The books in the “Every Man” series argue repeatedly that guys use emotions to get sex, while women use sex to get emotions. But the series takes this generic sentiment—so frequently asserted in mainstream culture as well—and amplifies it in wholly new ways. Arterburn’s contention is that, put in the most rudimentary terms, if a husband can’t do it to his wife every couple of days
at least, he will stray—at least in his mind, if not with his body.
So what is the self-respecting evangelical wife supposed to do? This is where the quickie comes into play. It is also where some of the more disturbing aspects of evangelical advice come into the picture. For a woman has to be taught to cooperate. She must never ever compare her husband unfavorably to another man.The sin of comparison is as bad as the sin of sexual impurity.

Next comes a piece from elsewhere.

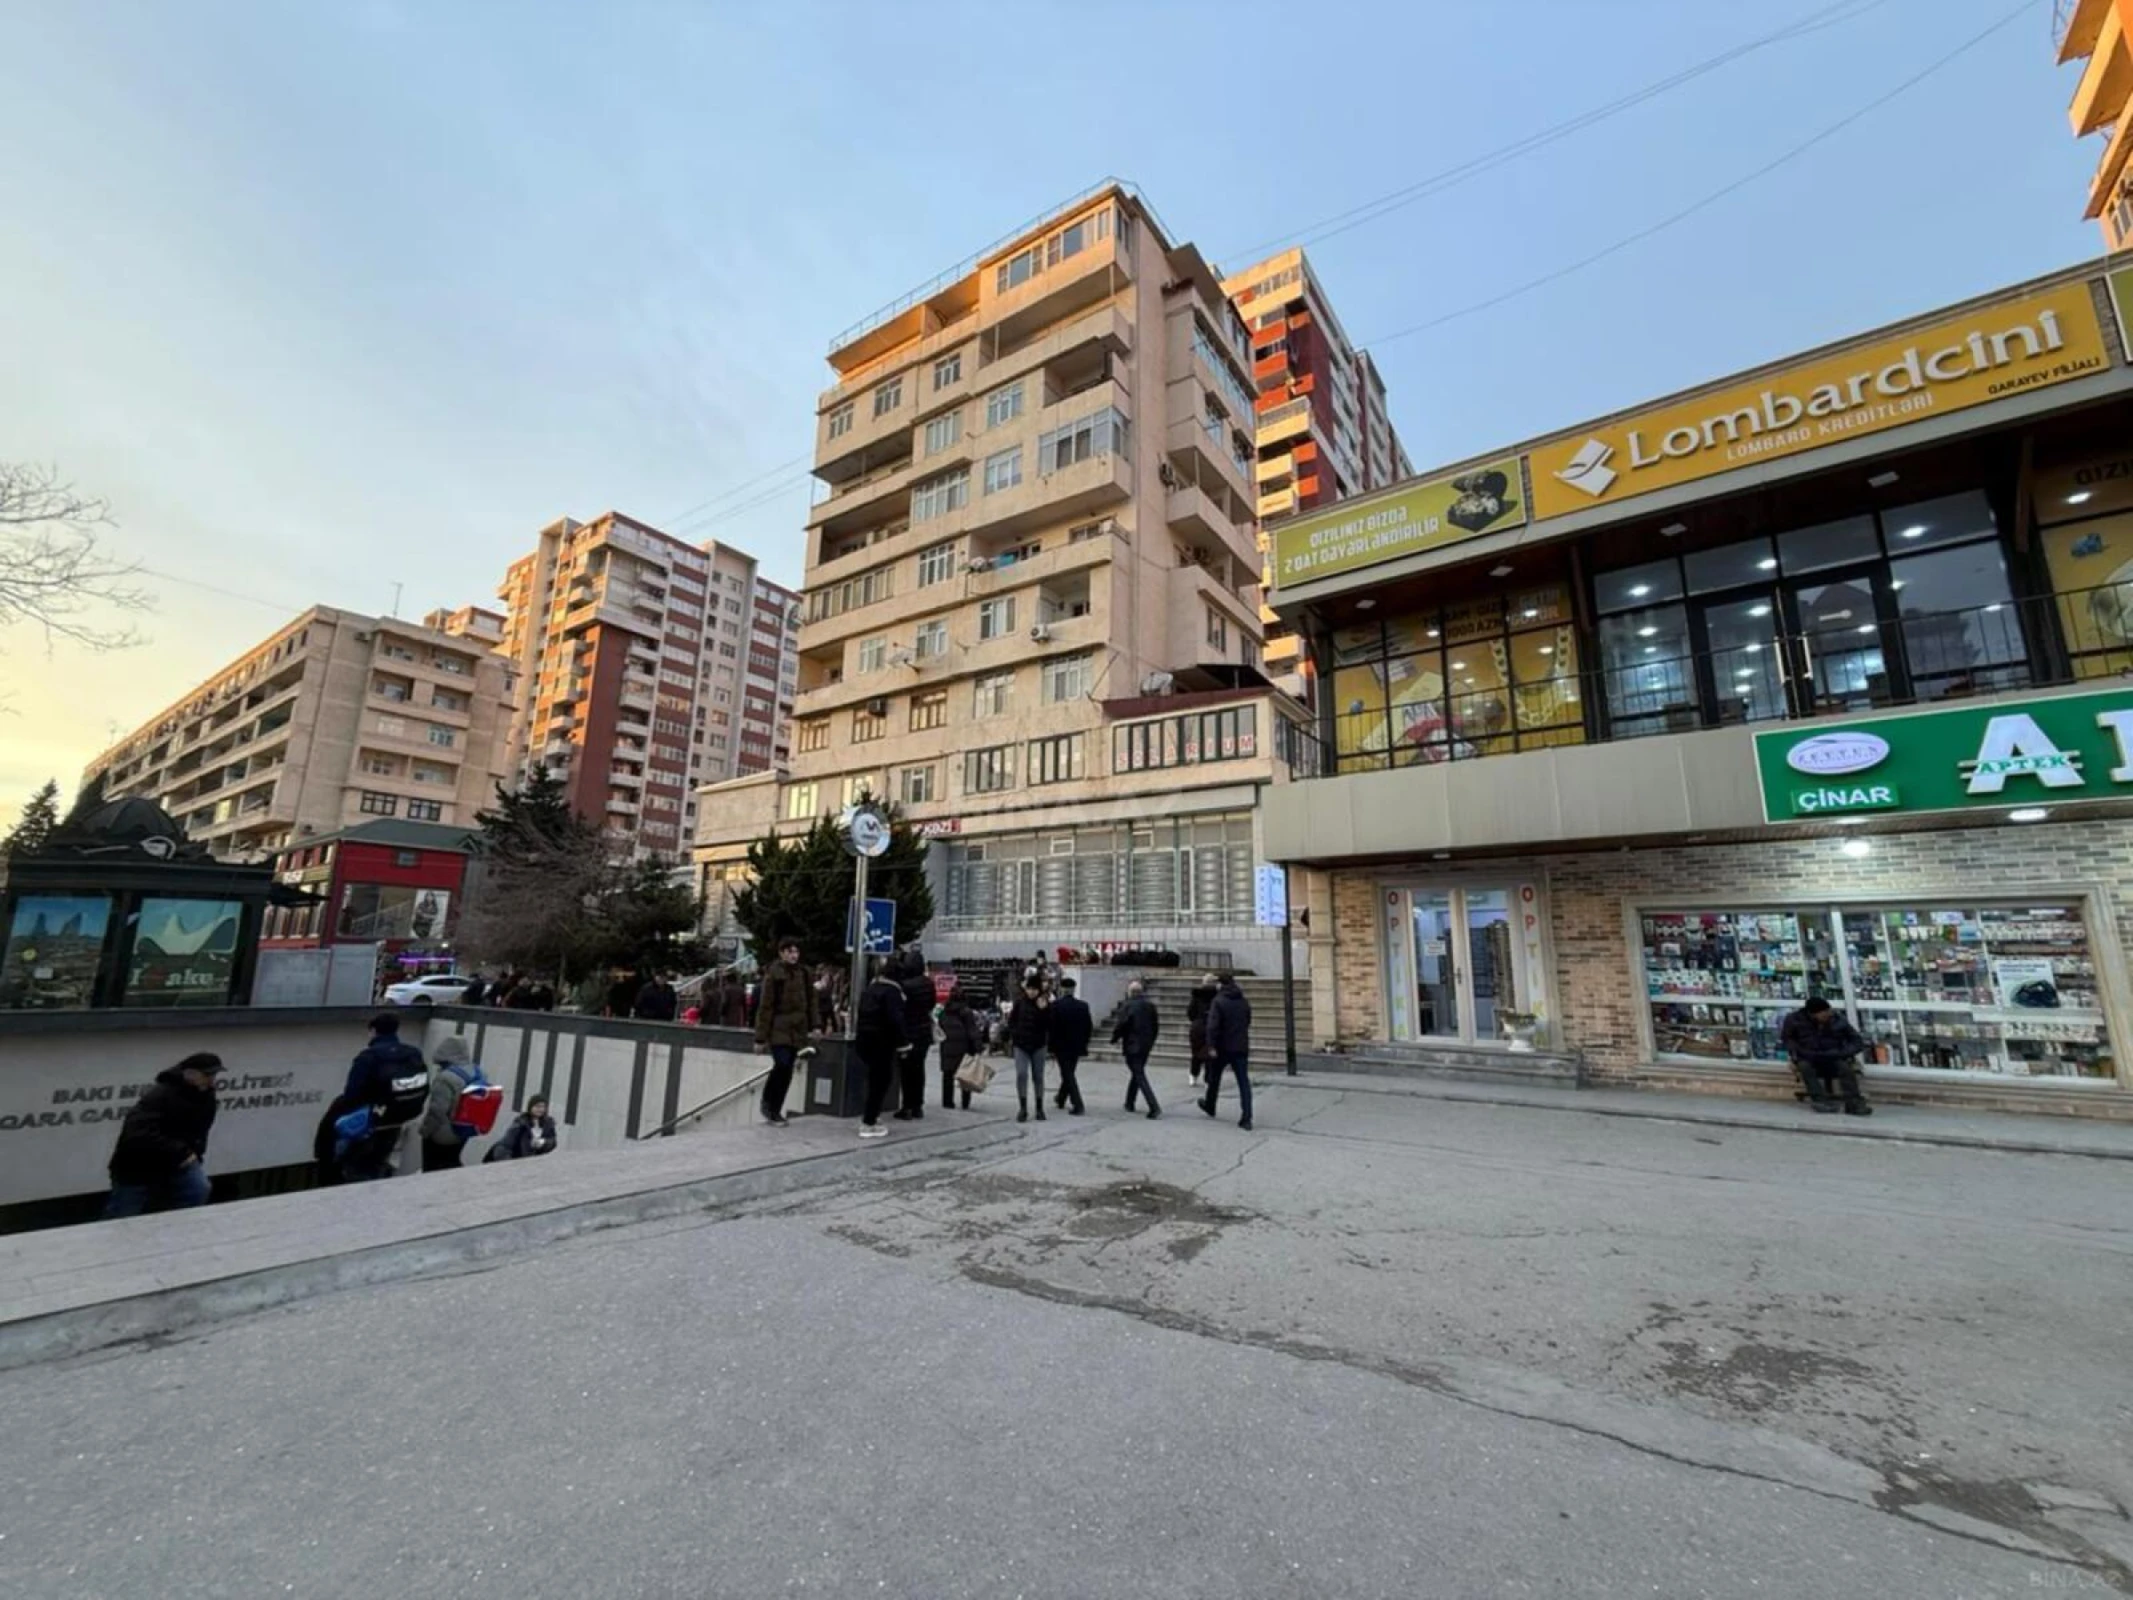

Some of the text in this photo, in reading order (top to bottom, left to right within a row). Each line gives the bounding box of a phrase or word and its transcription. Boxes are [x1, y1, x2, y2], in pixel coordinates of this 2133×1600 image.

She should wear sexy lingerie, if he wants her to do so. But she must also give her husband sex whenever and however he wants it. For only in this way will her man be reassured.And a reassured husband is a satisfied husband and a satisfied husband is the key to marital bliss.
A central premise of Every Man’s Battle is that men must learn to “bounce” their eyes.That is, they should practice and learn to look away immediately when confronted with a sexy image in the same way one would immediately yank a hand back from a hot stove. In this way, a guy can learn to “starve” his brain of all improper fantasies, memories, and images—anything and everything that is sexually stimulating that does not involve his wife. Stoeker and Arterburn recognize that Satan tempts men who will try this—and that the closer a man is to victory, the more Satan will develop ruses and rationalizations. But they express confidence that their step-by-step plan will work.They recommend going “cold turkey.” Targeting masturbation alone won’t work. The key is to target the eyes and mind. And then, in fact, there will be a huge—as they unabashedly say—“sexual payoff”: “With your whole sexual being now focused upon your wife, sex with her will be so transformed that your satisfaction will explode off any known scale.”